Collection entries
'''

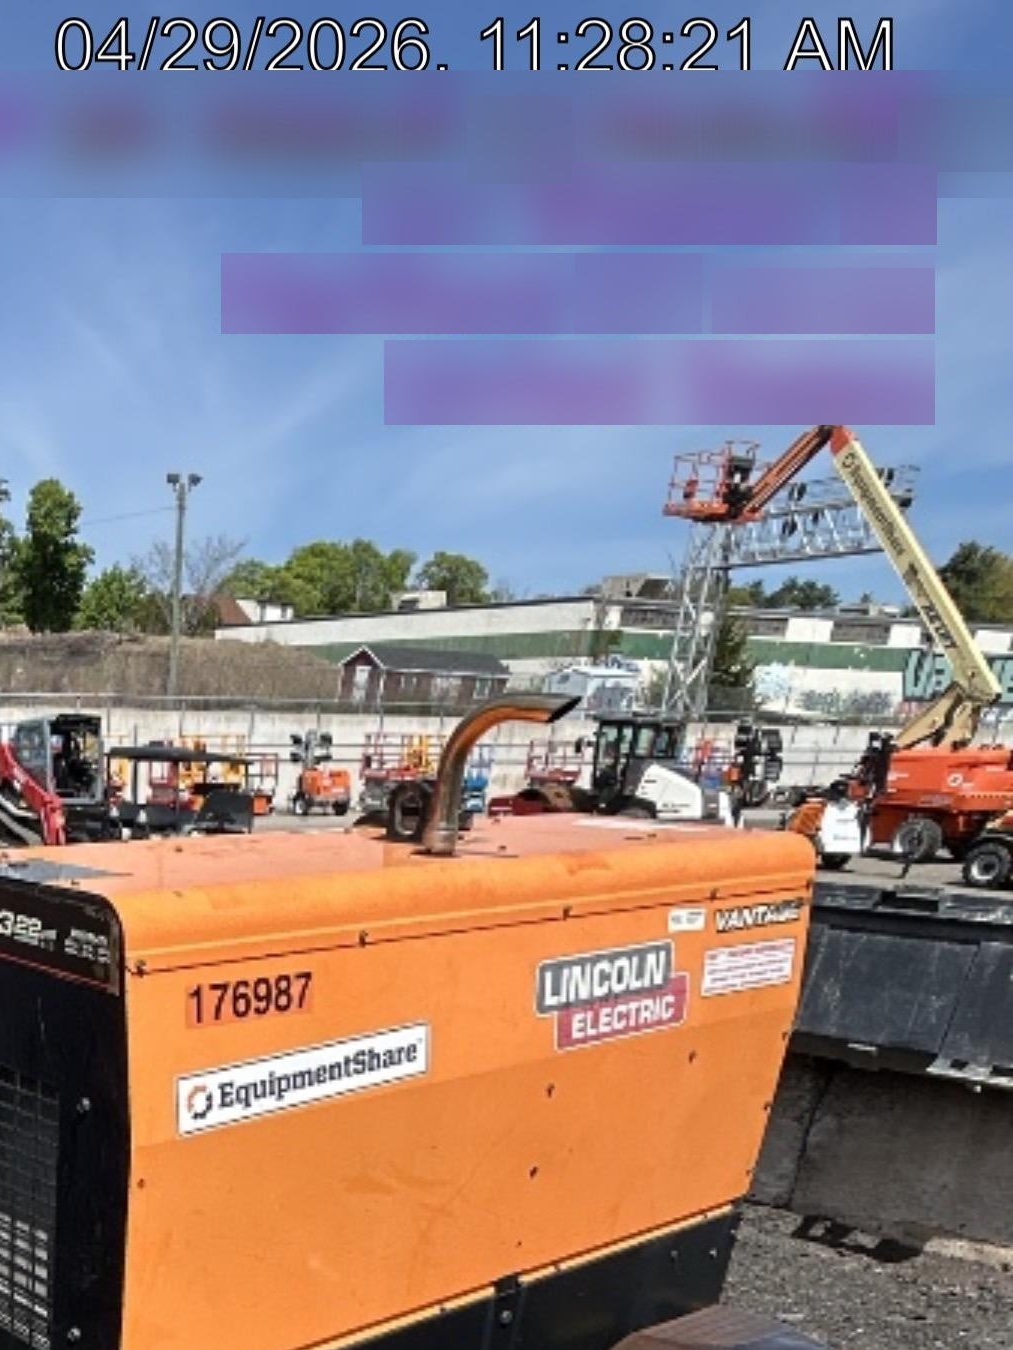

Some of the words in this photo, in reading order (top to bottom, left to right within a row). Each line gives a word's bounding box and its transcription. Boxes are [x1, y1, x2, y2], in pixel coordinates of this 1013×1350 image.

[188, 972, 312, 1024] 176987
[544, 951, 666, 1006] LINCOLN
[571, 995, 675, 1039] ELECTRIC
[218, 1042, 418, 1109] EquipmentShare

'''

◆ **PROBLEM**: All pictures are to be dropped, and the records above returned exactly.

◆ **ANSWER SECTION**:
Some of the words in this photo, in reading order (top to bottom, left to right within a row). Each line gives a word's bounding box and its transcription. Boxes are [x1, y1, x2, y2], in pixel coordinates of this 1013×1350 image.

[188, 972, 312, 1024] 176987
[544, 951, 666, 1006] LINCOLN
[571, 995, 675, 1039] ELECTRIC
[218, 1042, 418, 1109] EquipmentShare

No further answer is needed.